ANNIE FIGURES                                                                APPELLANT

v.

JACKSON HOUSING AUTHORITY                                                      APPELLEE

DATE OF JUDGMENT:                           06/27/2015
TRIAL JUDGE:                                HON. JEFF WEILL SR.
COURT FROM WHICH APPEALED:                  HINDS COUNTY CIRCUIT COURT,
                                            FIRST JUDICIAL DISTRICT
ATTORNEY FOR APPELLANT:                     DONALD W. BOYKIN
ATTORNEY FOR APPELLEE:                      D. STERLING KIDD
NATURE OF THE CASE:                         CIVIL - CONTRACT
TRIAL COURT DISPOSITION:                    AFFIRMED JUDGMENT OF COUNTY
                                            COURT ORDERING APPELLANT TO
                                            VACATE PREMISES AND REFRAIN FROM
                                            THREATENING OR HARASSING OTHER
                                            TENANTS
DISPOSITION:                                AFFIRMED - 06/20/2017
MOTION FOR REHEARING FILED:
MANDATE ISSUED:

       BEFORE IRVING, P.J., CARLTON AND WESTBROOKS, JJ.

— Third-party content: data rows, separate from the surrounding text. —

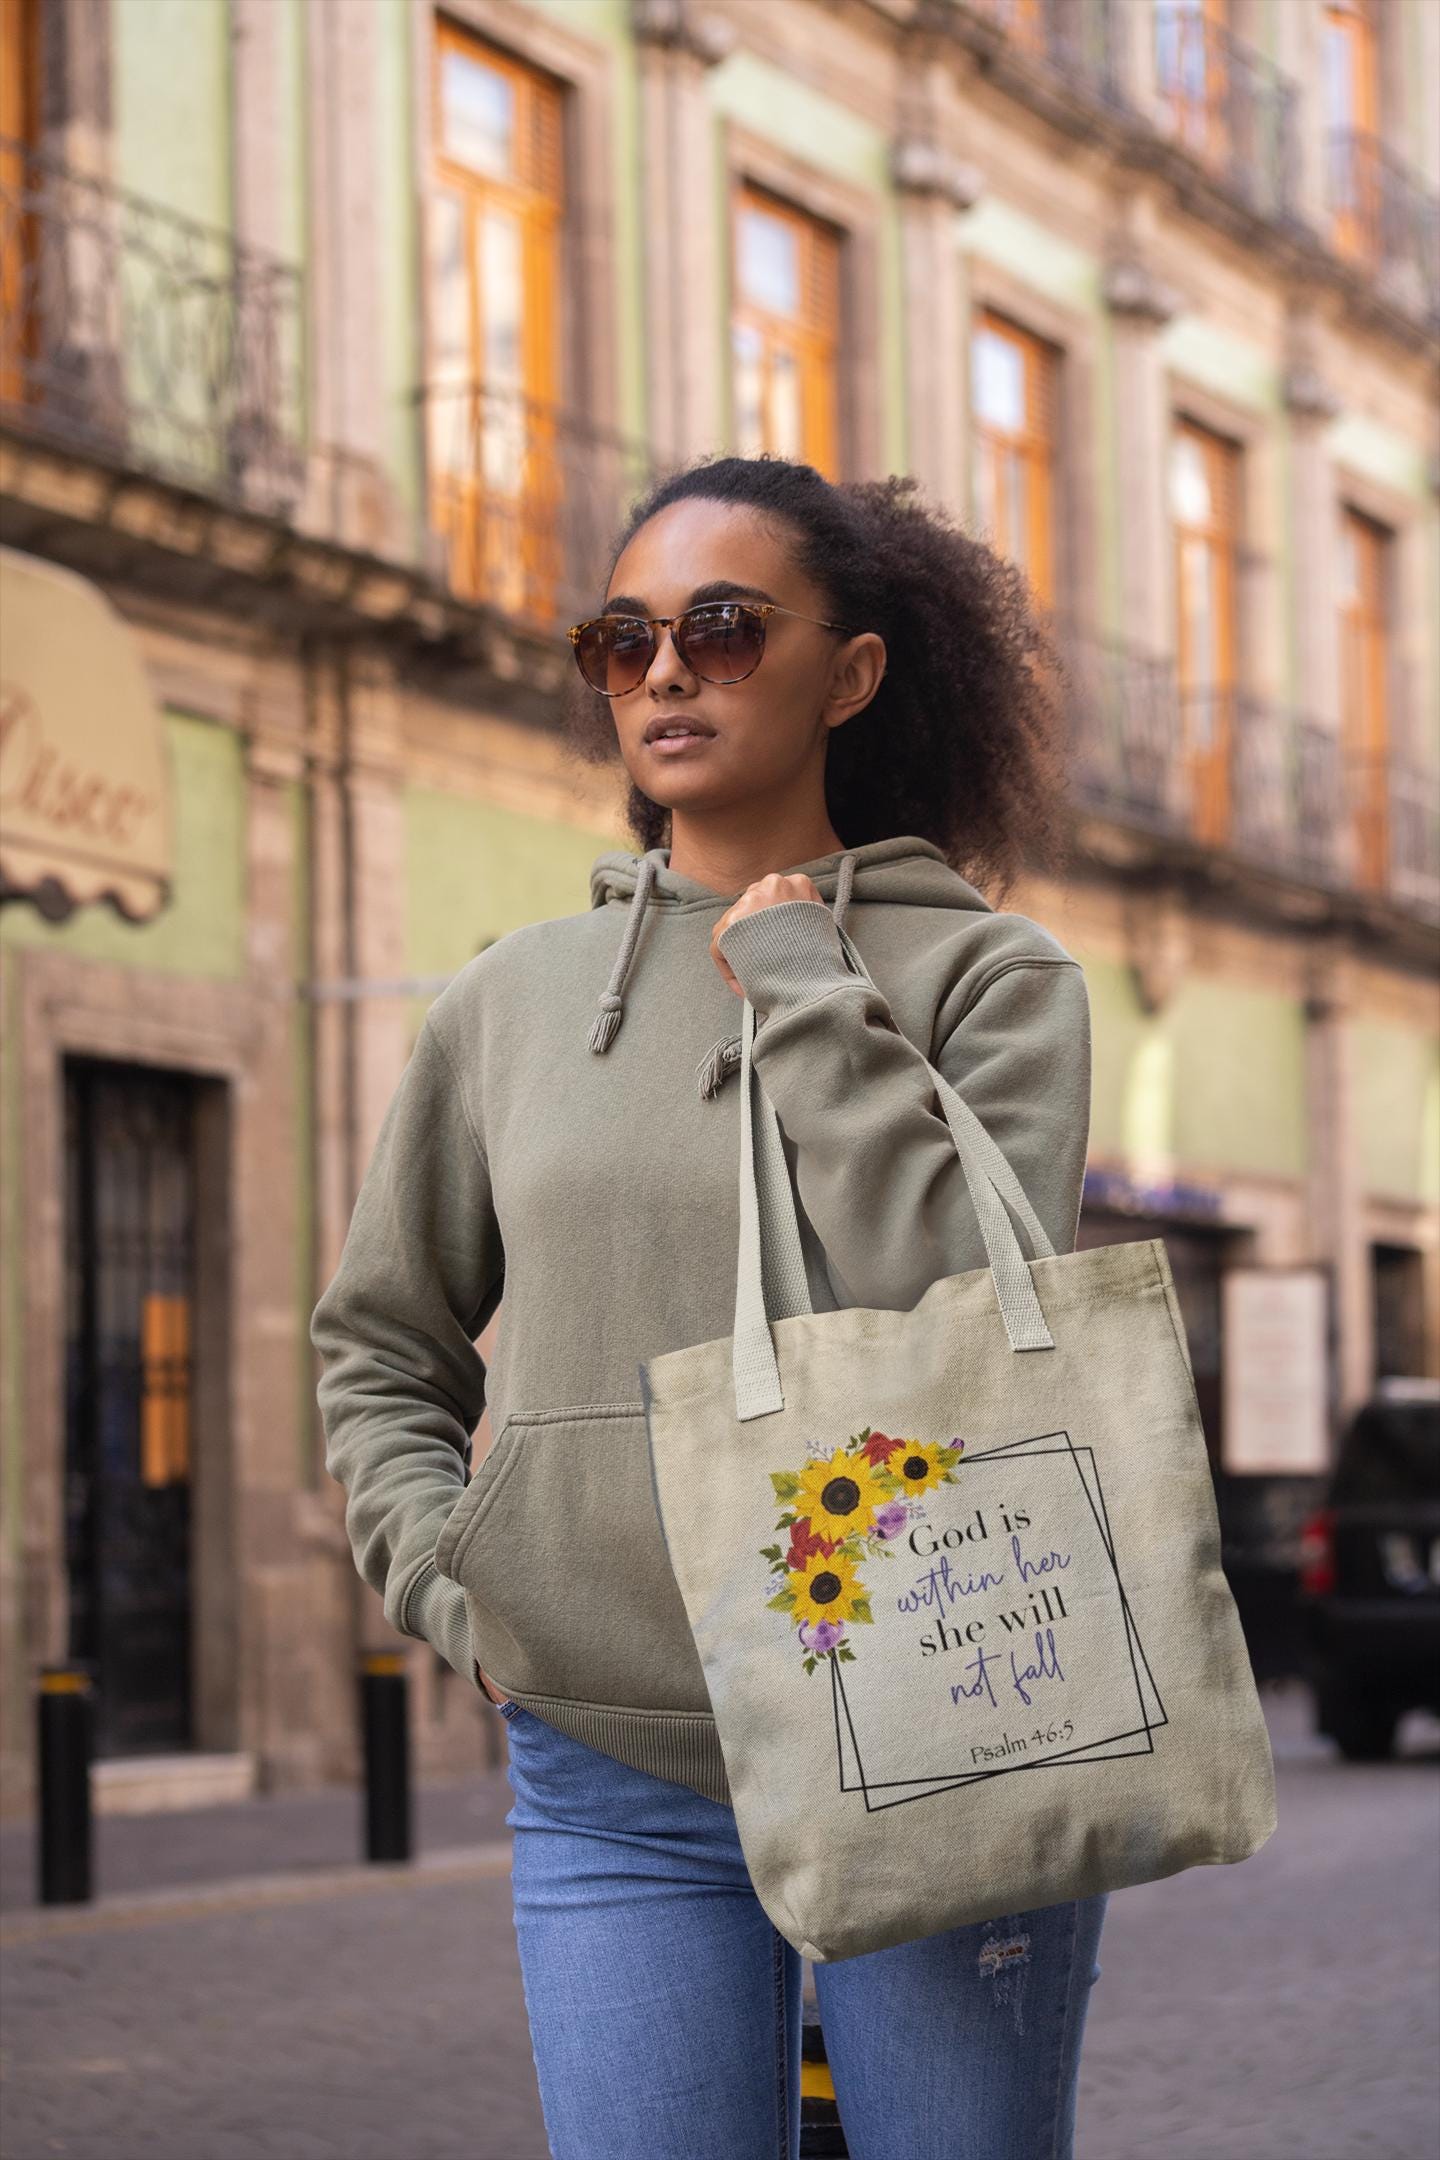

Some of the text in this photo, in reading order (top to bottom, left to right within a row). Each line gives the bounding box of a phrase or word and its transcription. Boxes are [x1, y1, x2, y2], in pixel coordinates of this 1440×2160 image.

[908, 1503, 1031, 1558] God is
[897, 1535, 1071, 1618] within her
[919, 1586, 1069, 1657] she will
[950, 1629, 1066, 1707] not fall
[970, 1720, 1075, 1764] Psalm 46:5
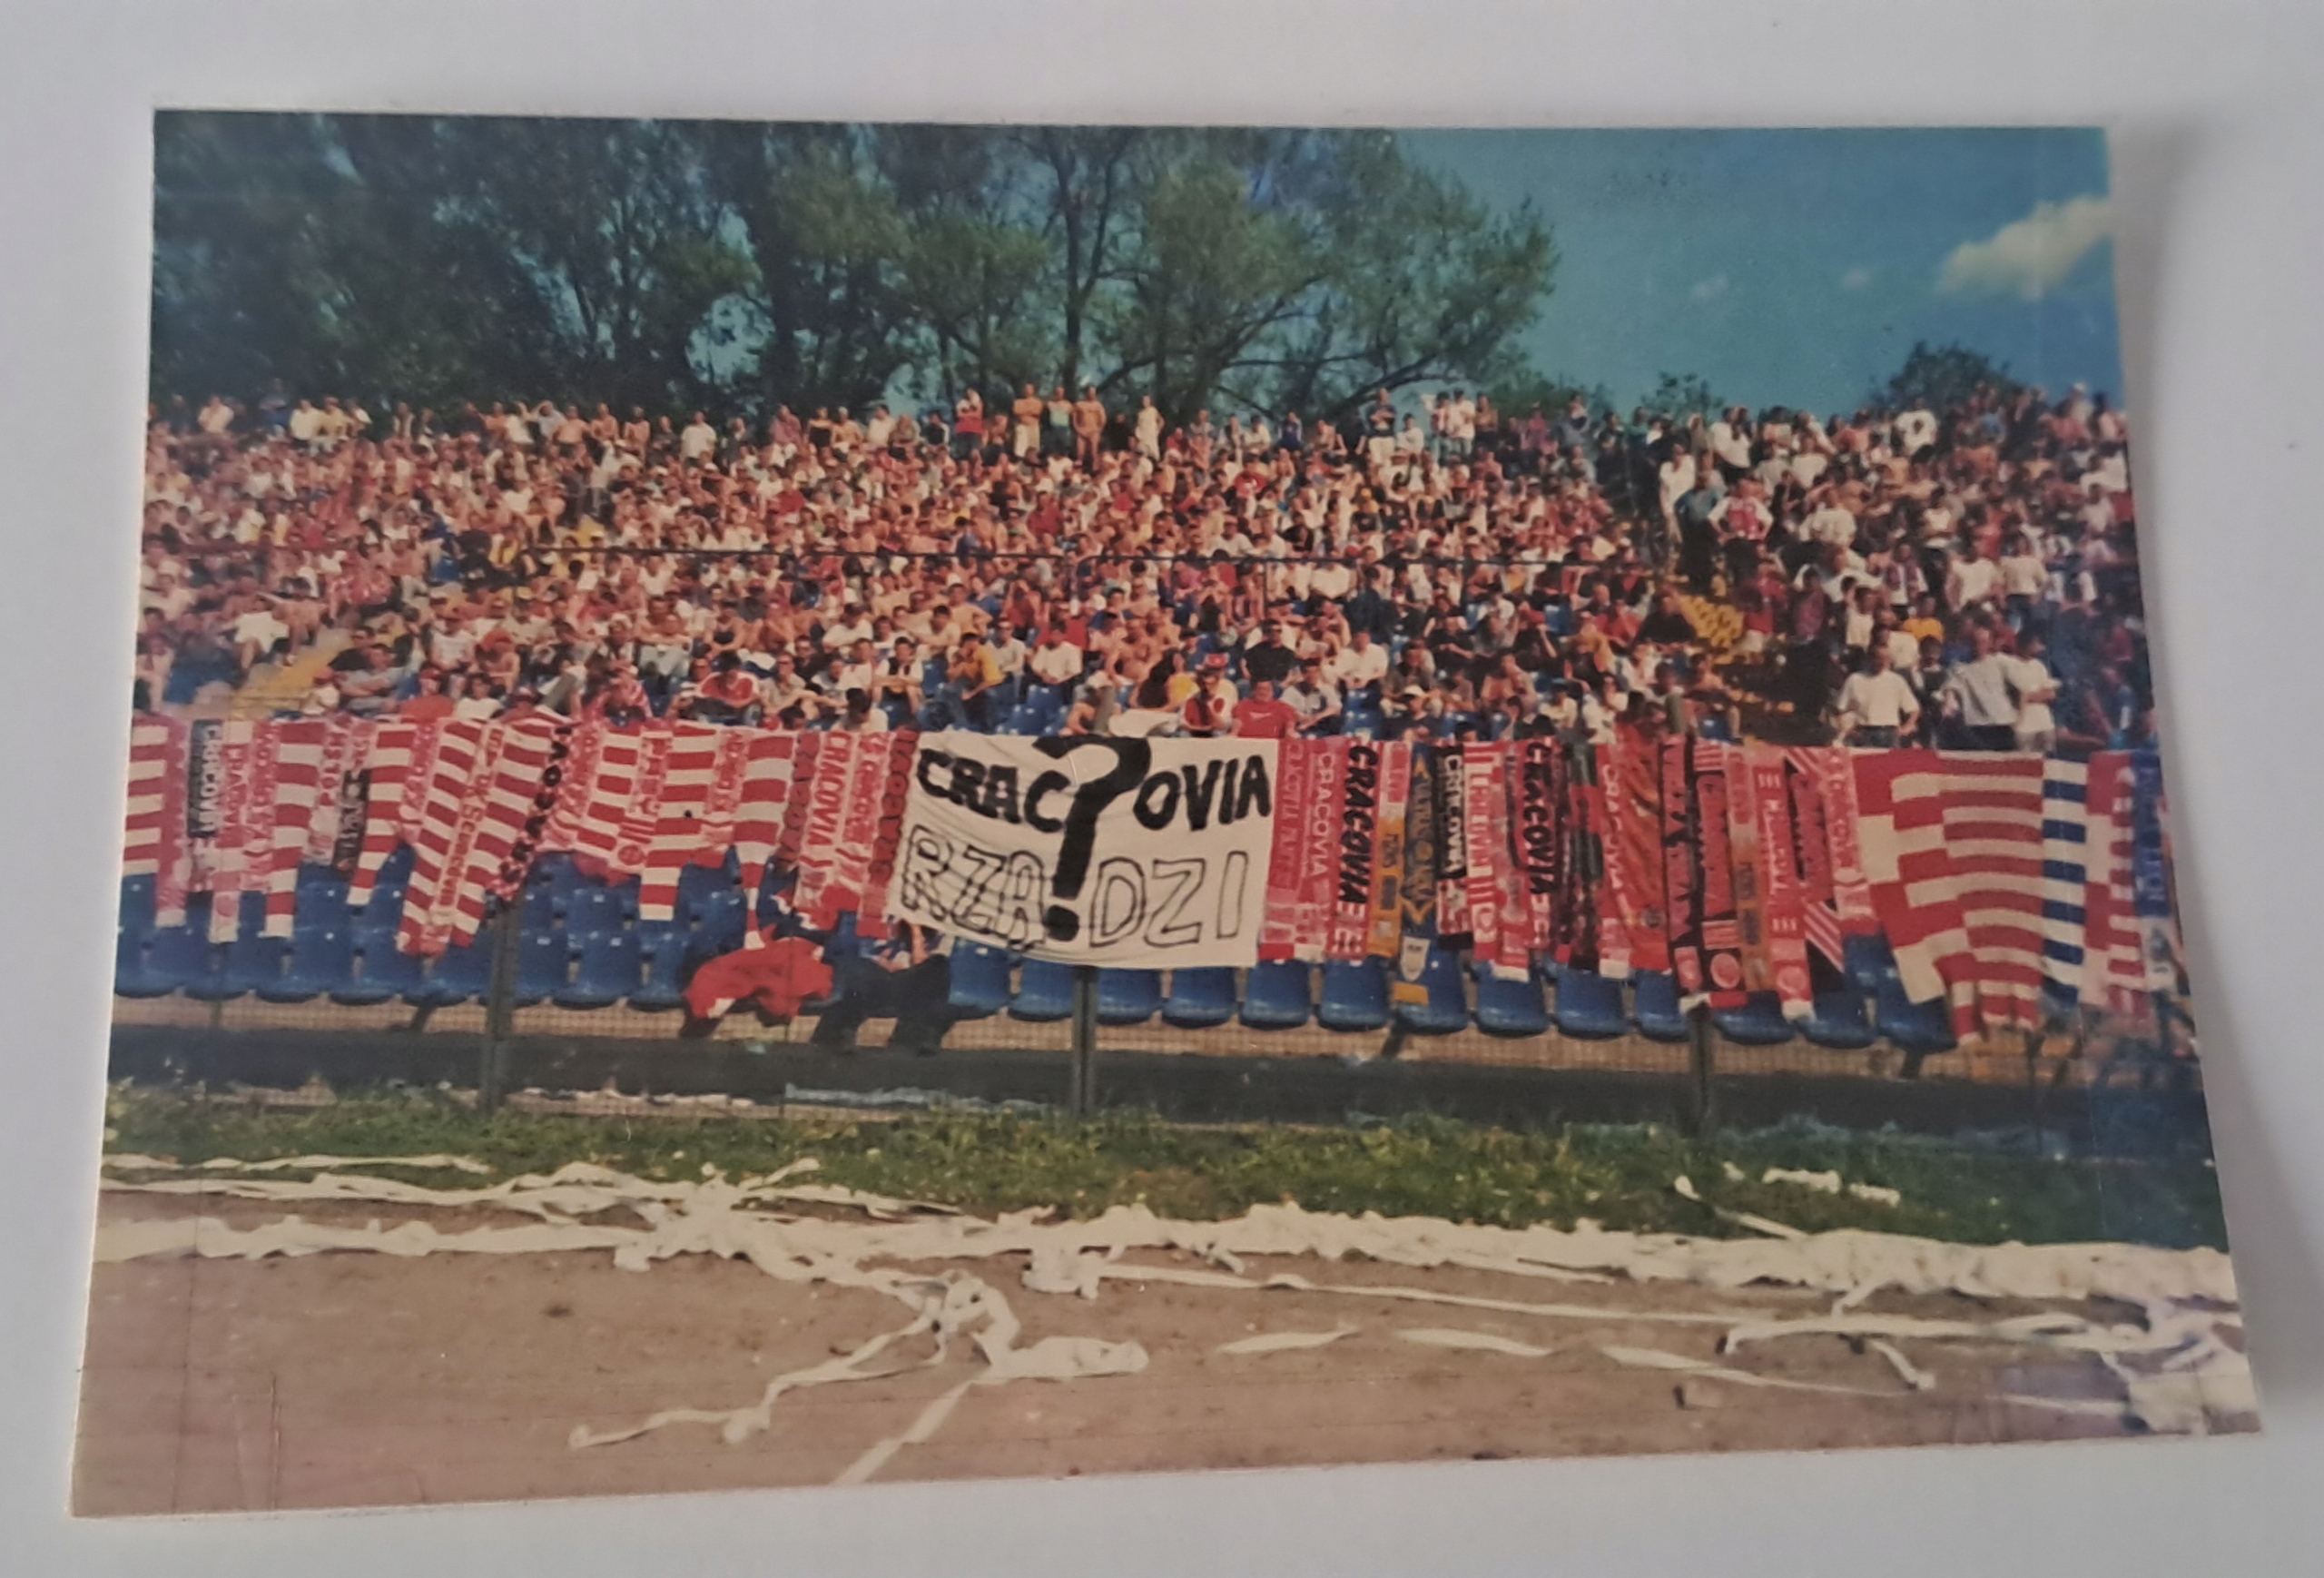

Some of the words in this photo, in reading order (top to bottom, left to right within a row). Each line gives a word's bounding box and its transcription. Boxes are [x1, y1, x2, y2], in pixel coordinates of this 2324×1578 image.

[807, 731, 852, 846] CRACOVIA
[1338, 745, 1378, 903] CRACOVIA
[1522, 742, 1555, 893] CRACOVIA

       WESTBROOKS, J., FOR THE COURT:

¶1.    This is an appeal from the Circuit Court of the First Judicial District of Hinds County.

The Jackson Housing Authority (“JHA”) brought a civil lawsuit against Annie Figures and

requested an order of eviction. The justice court ruled for the Jackson Housing Authority.

Figures appealed to the County Court of Hinds County, which held a de novo trial and issued

a judgment of eviction. Figures appealed to the Circuit Court of Hinds County, which

affirmed the decision of the county court. Finding no reversible error, we affirm.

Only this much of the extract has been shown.